_Your goal_
Your copy of the lines below must match them exactly and contain no images.

_Dataset records_
..........

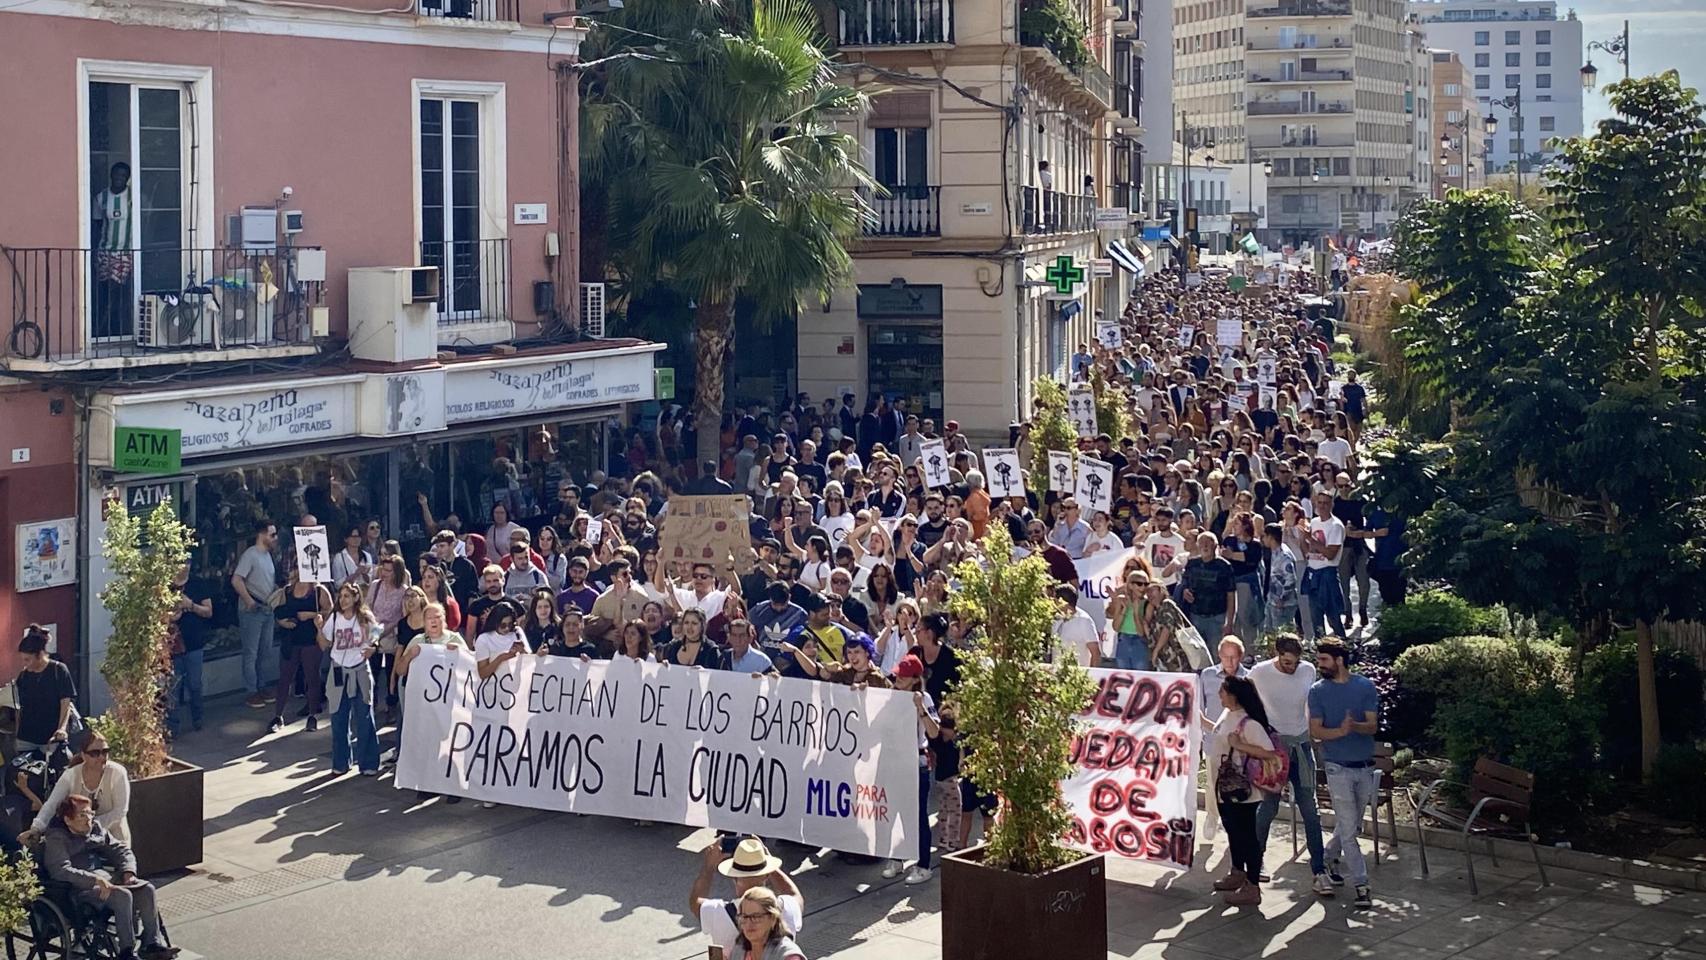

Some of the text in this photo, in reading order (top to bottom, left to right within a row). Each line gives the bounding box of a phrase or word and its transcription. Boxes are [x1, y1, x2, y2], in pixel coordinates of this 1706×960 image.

[475, 398, 515, 411] RELIGIOSOS
[566, 388, 598, 400] COFRADES
[288, 419, 332, 434] COFRADES
[125, 432, 169, 456] ATM
[132, 483, 170, 507] ATM
[462, 670, 516, 711] NOS
[528, 672, 619, 719] ECHAN
[640, 683, 671, 727] DE
[685, 688, 732, 735] LOS
[1083, 671, 1195, 727] EDA
[446, 721, 788, 819] PARAMOS LA CIUDAD
[806, 777, 888, 818] MLG PARA
[851, 804, 890, 823] VIVIR
[1089, 778, 1161, 823] DE

..........

_Response area_
Some of the text in this photo, in reading order (top to bottom, left to right within a row). Each line gives the bounding box of a phrase or word and its transcription. Boxes are [x1, y1, x2, y2], in pixel coordinates of this 1706×960 image.

[475, 398, 515, 411] RELIGIOSOS
[566, 388, 598, 400] COFRADES
[288, 419, 332, 434] COFRADES
[125, 432, 169, 456] ATM
[132, 483, 170, 507] ATM
[462, 670, 516, 711] NOS
[528, 672, 619, 719] ECHAN
[640, 683, 671, 727] DE
[685, 688, 732, 735] LOS
[1083, 671, 1195, 727] EDA
[446, 721, 788, 819] PARAMOS LA CIUDAD
[806, 777, 888, 818] MLG PARA
[851, 804, 890, 823] VIVIR
[1089, 778, 1161, 823] DE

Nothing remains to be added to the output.